Pour précision, l’emprunt obligataire a été lancé pour parer aux difficultés des finances publiques et en prime l’augmentation de la dette extérieure à des volumes insoutenables.

Le point sur ledit emprunt avec Kaouther Babia, directrice générale de de la Gestion de la dette et de la coopération financière au ministère des Finances. 

715,6 millions de dinars par l’émission d’un Emprunt Obligataire National dont les souscriptions ont été clôturées le 28 juin 2021. Vos objectifs ont-ils été atteints ?

Kaouther Babia : Oui, les objectifs ont été atteints en termes de montant et de ciblage : le montant a dépassé la barre supérieure indiquée (700 MDT). 

Quelle est la part de vos cibles (personnes physiques, banques ou entreprises) dans cet emprunt ? Et à quelle hauteur ? 

Il faut attendre 1 ou 2 jours ouvrables pour connaître parfaitement la base des investisseurs, mais on connaît déjà cette répartition :

Comptes propres (banques) 

125 000 000,00 (18%)

Clients Tunisiens LIBRES 

208 795 060,00 (29%)

Clients Tunisiens GERES 

9 520 500,00 (1%)

FCP : OPCVM 

372 321 000,00 (52%)

 

La part des personnes physiques n’est pas encore cernée dans les catégories B et C, mais nous savons que la catégorie A (exclusive pour cette catégorie d’investisseurs) a avoisiné les 6 MDT.

Ce qui est apparent, c’est que les FCP (fonds communs de placement), qui étaient vraiment notre cible au moment de l’investigation du marché et de la décision de décréter l’Emprunt national, ont bien assuré avec 52% des souscriptions.

Pour les entreprises et autres institutions financières et non financières, on attend encore la communication du registre des souscripteurs, mais on est dans la mesure de certifier que les compagnies d’assurance ont bien été présentes. 

Les banques ont-elles assuré ?

Les banques ont participé à collecter 27% des fonds (contre 73% pour les intermédiaires en Bourse) et ont quand même souscrit 18% pour leurs propres comptes.
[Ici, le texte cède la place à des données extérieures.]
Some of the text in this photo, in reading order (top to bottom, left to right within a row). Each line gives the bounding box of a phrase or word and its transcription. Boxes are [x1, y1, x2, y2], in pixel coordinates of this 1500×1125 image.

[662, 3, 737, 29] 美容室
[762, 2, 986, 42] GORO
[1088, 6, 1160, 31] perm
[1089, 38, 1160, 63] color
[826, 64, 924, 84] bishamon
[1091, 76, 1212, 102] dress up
C’est vrai que leur engouement peut paraître un peu faible, mais c’était attendu, comme plusieurs d’entre elles font l’arbitrage entre la souscription à l’Emprunt national et le marché des Bons du Trésor dans le cadre de leurs enveloppes annuelles dédiées aux titres de l’Etat. D’où notre ciblage initial suscité, presque déclaré et connu par les intervenants avertis de la place. Ceci étant, plusieurs banques nous ont fait part de leur préférence d’attendre la tranche suivante pour se manifester. 
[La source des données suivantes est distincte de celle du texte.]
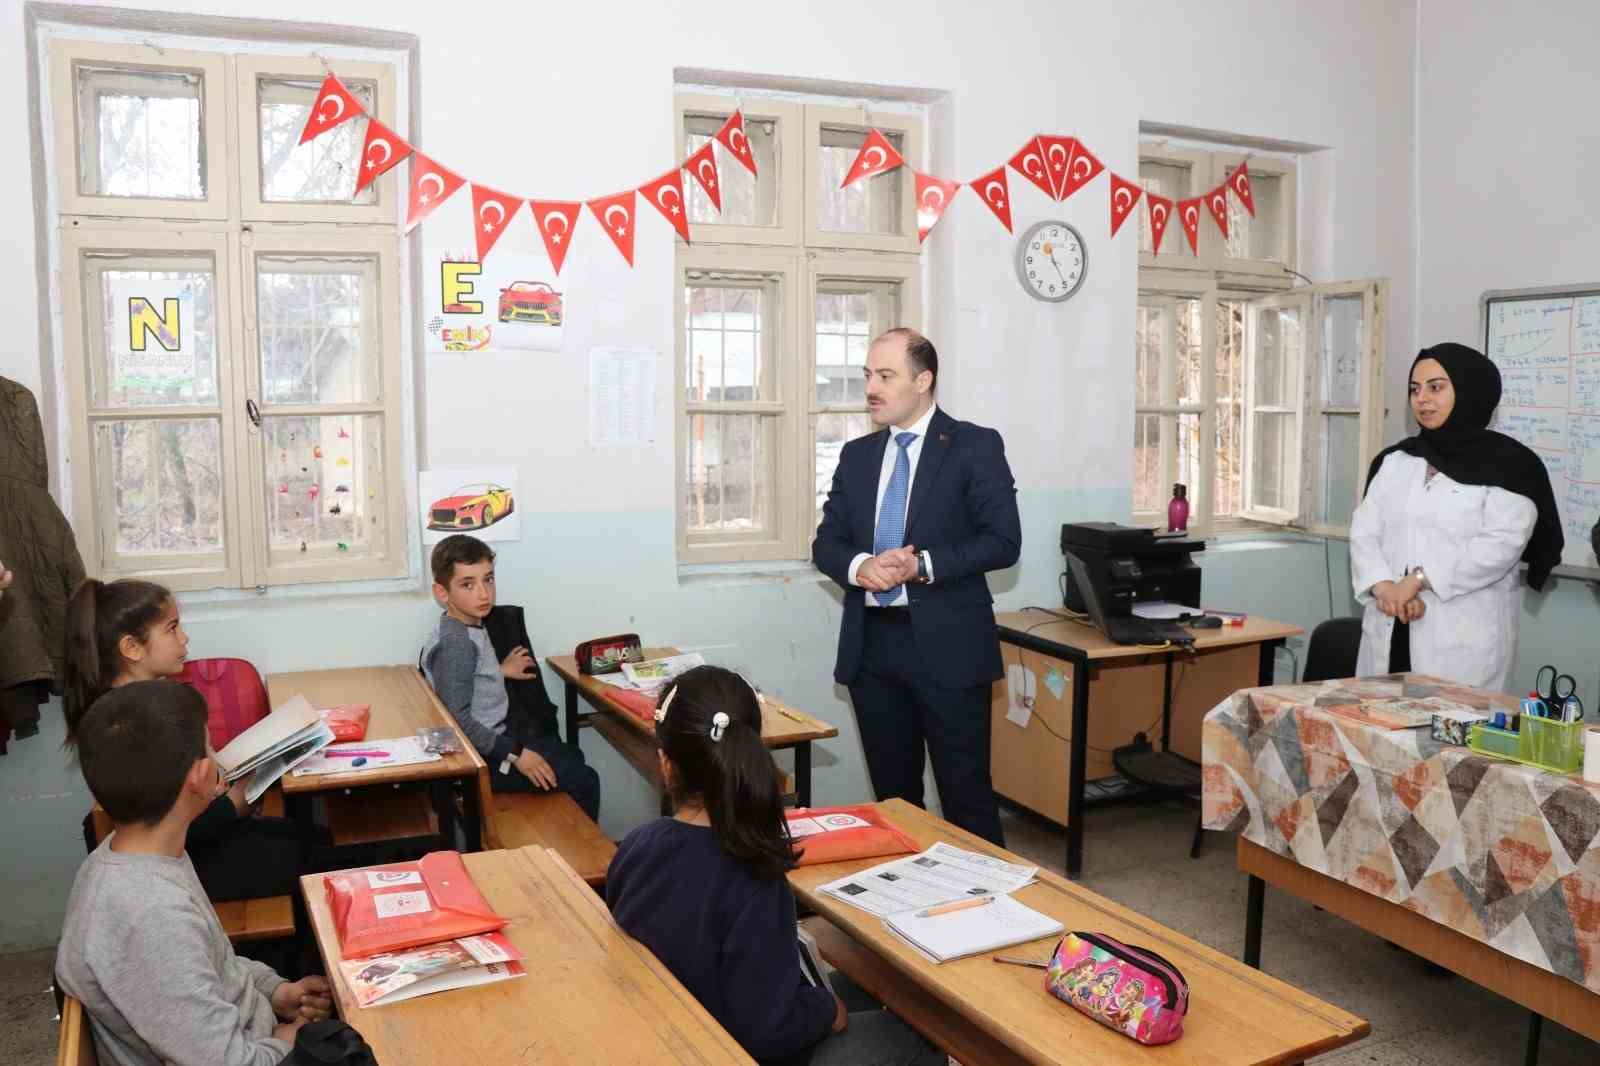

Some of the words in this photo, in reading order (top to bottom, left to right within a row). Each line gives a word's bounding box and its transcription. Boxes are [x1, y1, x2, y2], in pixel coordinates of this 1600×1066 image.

Pensez-vous reconduire cet emprunt si besoin est ? 

Tout à fait, comme on perçoit cette opération comme une réussite, on compte la reconduire prochainement après qu’une nouvelle investigation des capacités du marché sera faite et qui serait à même de définir les éventuelles nouveautés dans les conditions de l’emprunt et les cibles potentielles.